◆ EXERCISE ◆
Every entry is to be returned as it stands, apart from the pictures.

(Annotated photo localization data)
▬▬▬▬▬▬

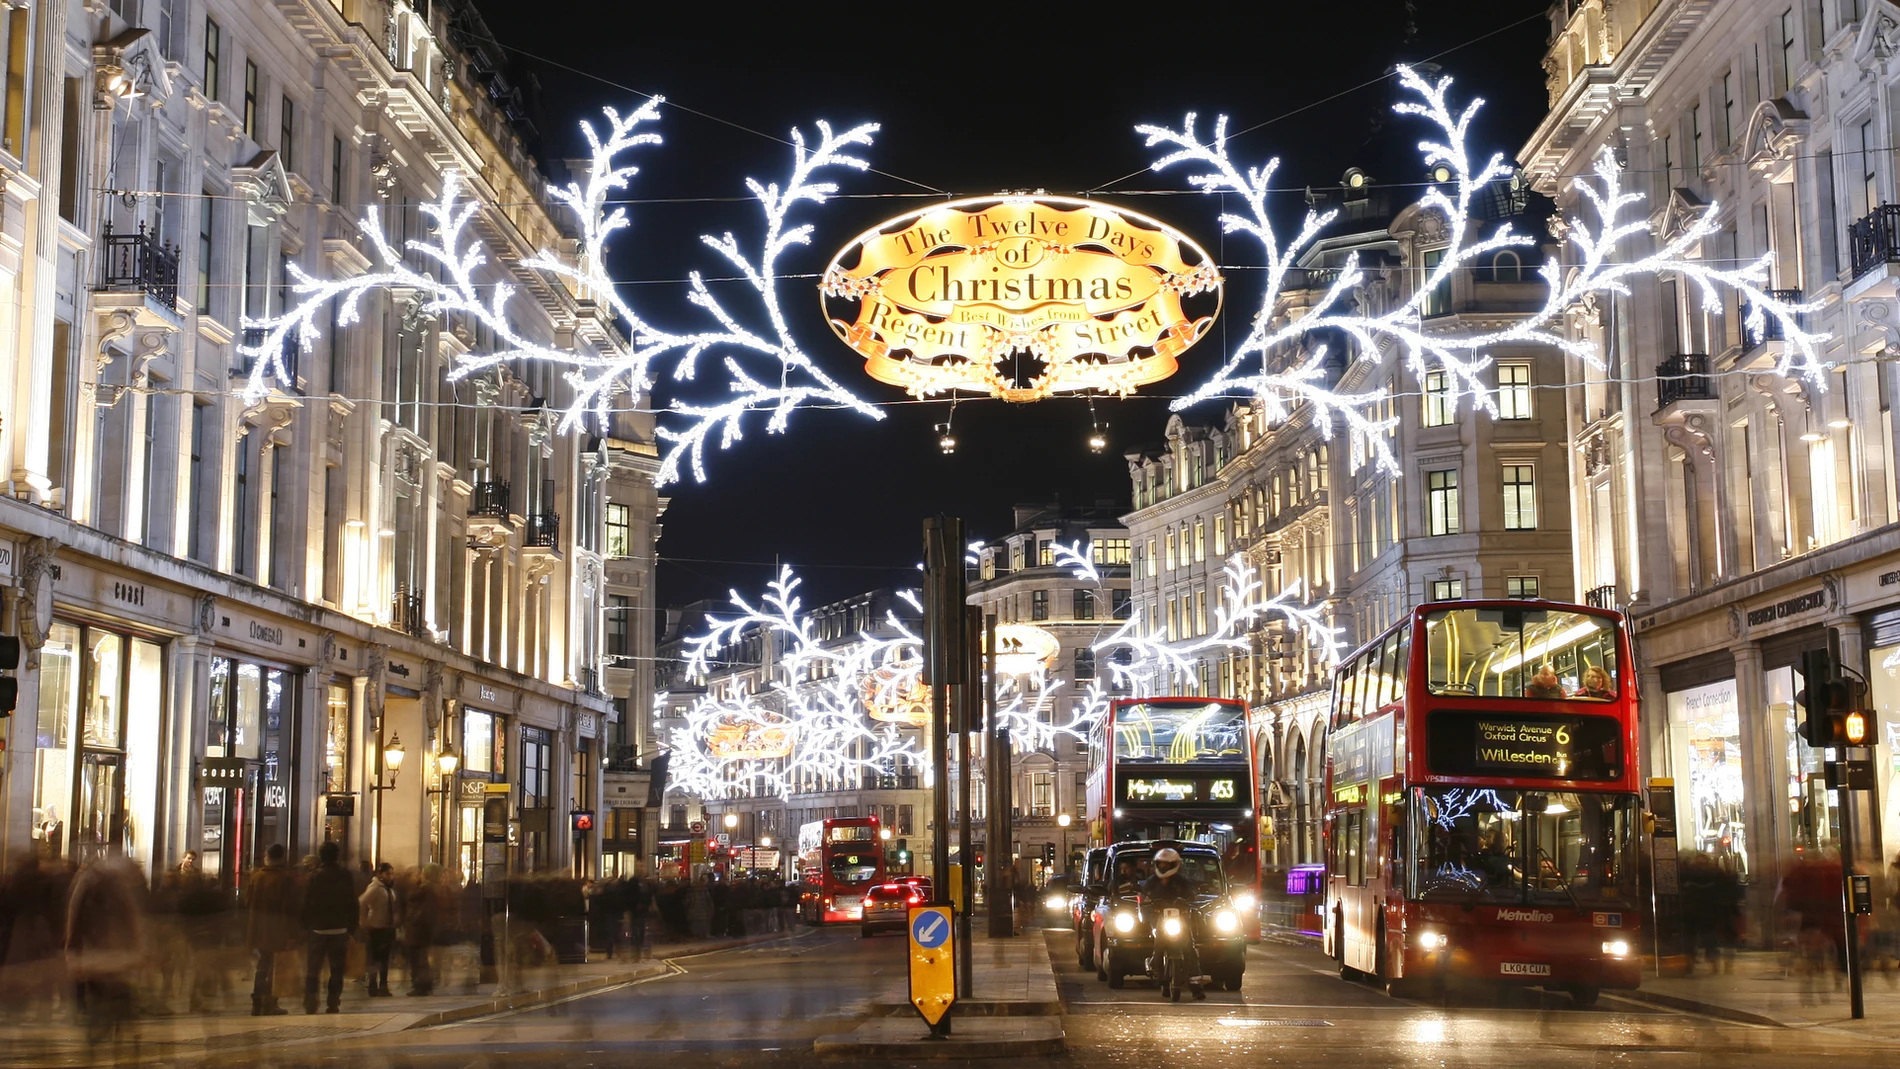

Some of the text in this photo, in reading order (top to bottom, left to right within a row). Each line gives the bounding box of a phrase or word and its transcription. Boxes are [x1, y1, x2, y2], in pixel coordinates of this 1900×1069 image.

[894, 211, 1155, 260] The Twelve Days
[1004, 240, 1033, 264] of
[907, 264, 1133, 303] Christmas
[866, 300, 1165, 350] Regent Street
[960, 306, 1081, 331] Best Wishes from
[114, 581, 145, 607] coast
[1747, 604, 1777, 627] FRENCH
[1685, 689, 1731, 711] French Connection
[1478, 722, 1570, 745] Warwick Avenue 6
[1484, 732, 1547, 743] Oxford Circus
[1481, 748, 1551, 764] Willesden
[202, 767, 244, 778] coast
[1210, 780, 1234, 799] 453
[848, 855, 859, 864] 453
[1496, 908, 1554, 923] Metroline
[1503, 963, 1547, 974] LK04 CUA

▬▬▬▬▬▬

◆ OUTPUT OF THE EXERCISE ◆
Some of the text in this photo, in reading order (top to bottom, left to right within a row). Each line gives the bounding box of a phrase or word and its transcription. Boxes are [x1, y1, x2, y2], in pixel coordinates of this 1900×1069 image.

[894, 211, 1155, 260] The Twelve Days
[1004, 240, 1033, 264] of
[907, 264, 1133, 303] Christmas
[866, 300, 1165, 350] Regent Street
[960, 306, 1081, 331] Best Wishes from
[114, 581, 145, 607] coast
[1747, 604, 1777, 627] FRENCH
[1685, 689, 1731, 711] French Connection
[1478, 722, 1570, 745] Warwick Avenue 6
[1484, 732, 1547, 743] Oxford Circus
[1481, 748, 1551, 764] Willesden
[202, 767, 244, 778] coast
[1210, 780, 1234, 799] 453
[848, 855, 859, 864] 453
[1496, 908, 1554, 923] Metroline
[1503, 963, 1547, 974] LK04 CUA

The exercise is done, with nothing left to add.